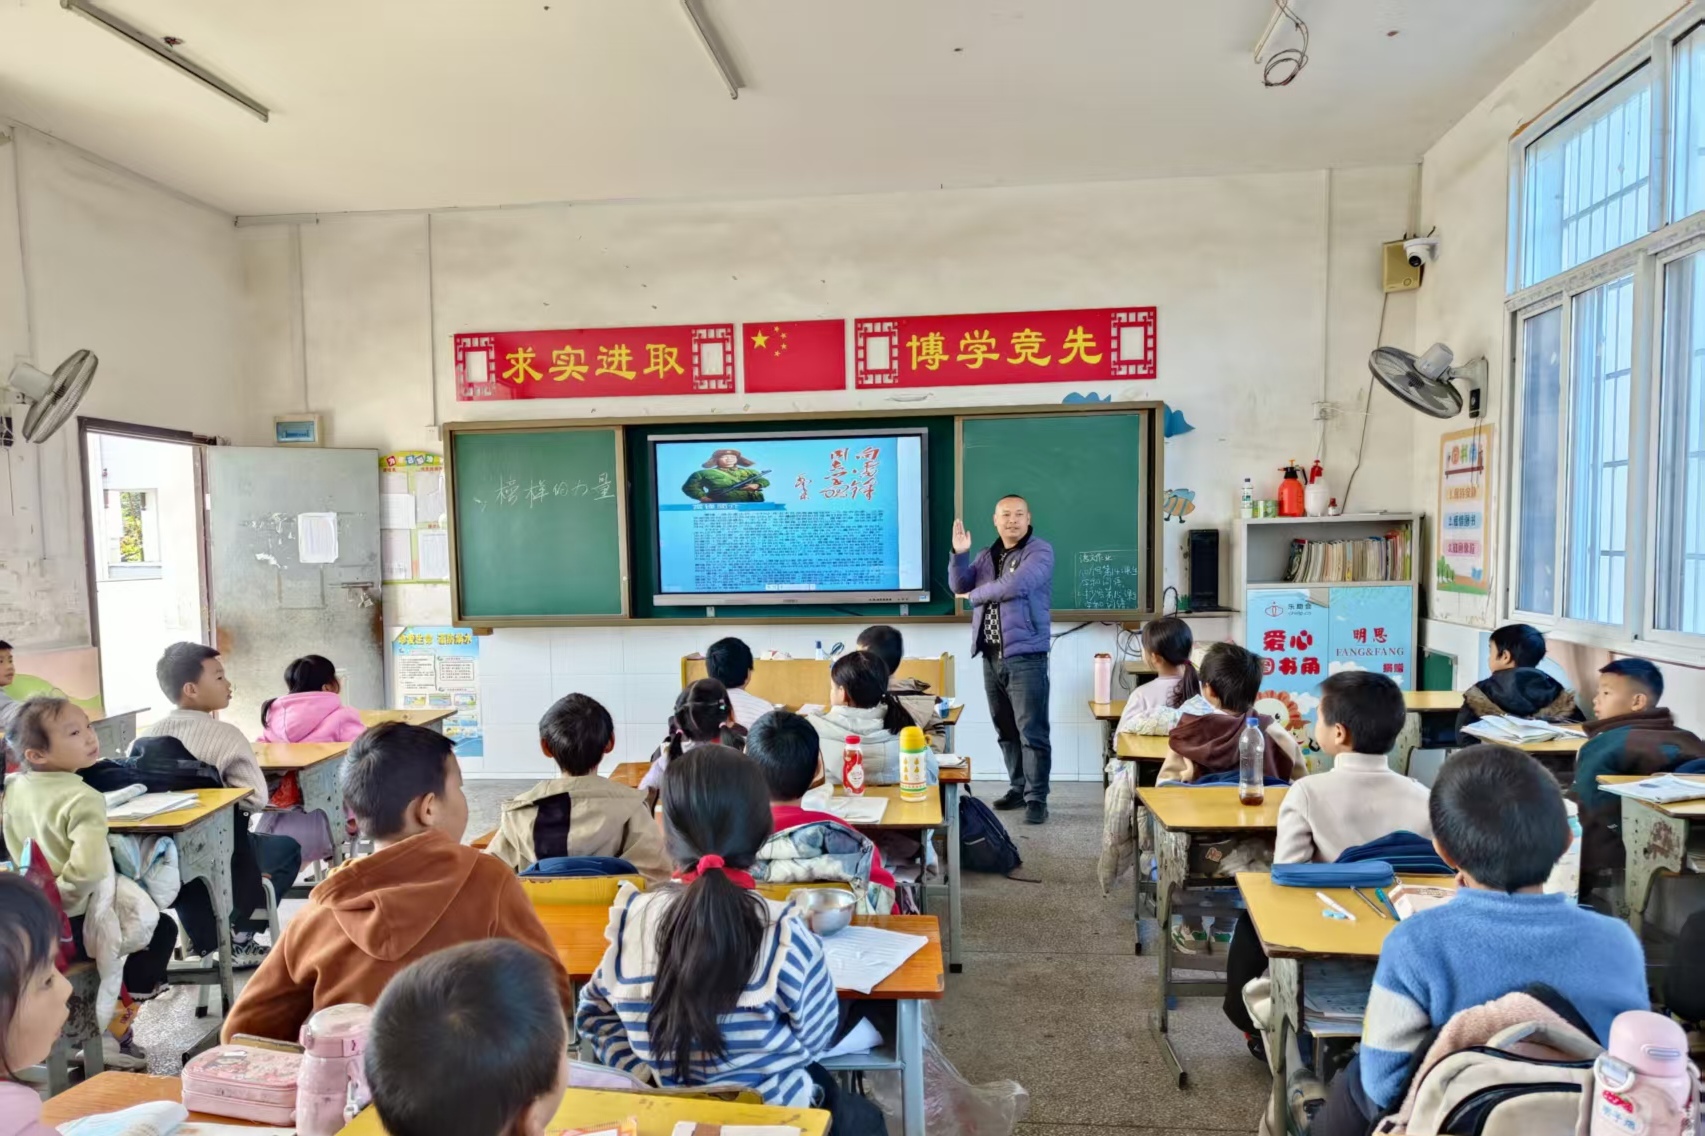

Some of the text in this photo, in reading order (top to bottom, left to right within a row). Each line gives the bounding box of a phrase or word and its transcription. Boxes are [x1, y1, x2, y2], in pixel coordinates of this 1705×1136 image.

[502, 343, 685, 385] 求实进取
[905, 325, 1103, 372] 博学竞先
[495, 472, 616, 509] 榜样的力量
[1263, 629, 1313, 652] 爱心
[1336, 647, 1404, 657] FANG&FANG

# # #

# [WORK REQUIRED]
Return the entries verbatim without images.

# [ANSWER FOR THE TASK]
Some of the text in this photo, in reading order (top to bottom, left to right within a row). Each line gives the bounding box of a phrase or word and its transcription. Boxes are [x1, y1, x2, y2], in pixel coordinates of this 1705×1136 image.

[502, 343, 685, 385] 求实进取
[905, 325, 1103, 372] 博学竞先
[495, 472, 616, 509] 榜样的力量
[1263, 629, 1313, 652] 爱心
[1336, 647, 1404, 657] FANG&FANG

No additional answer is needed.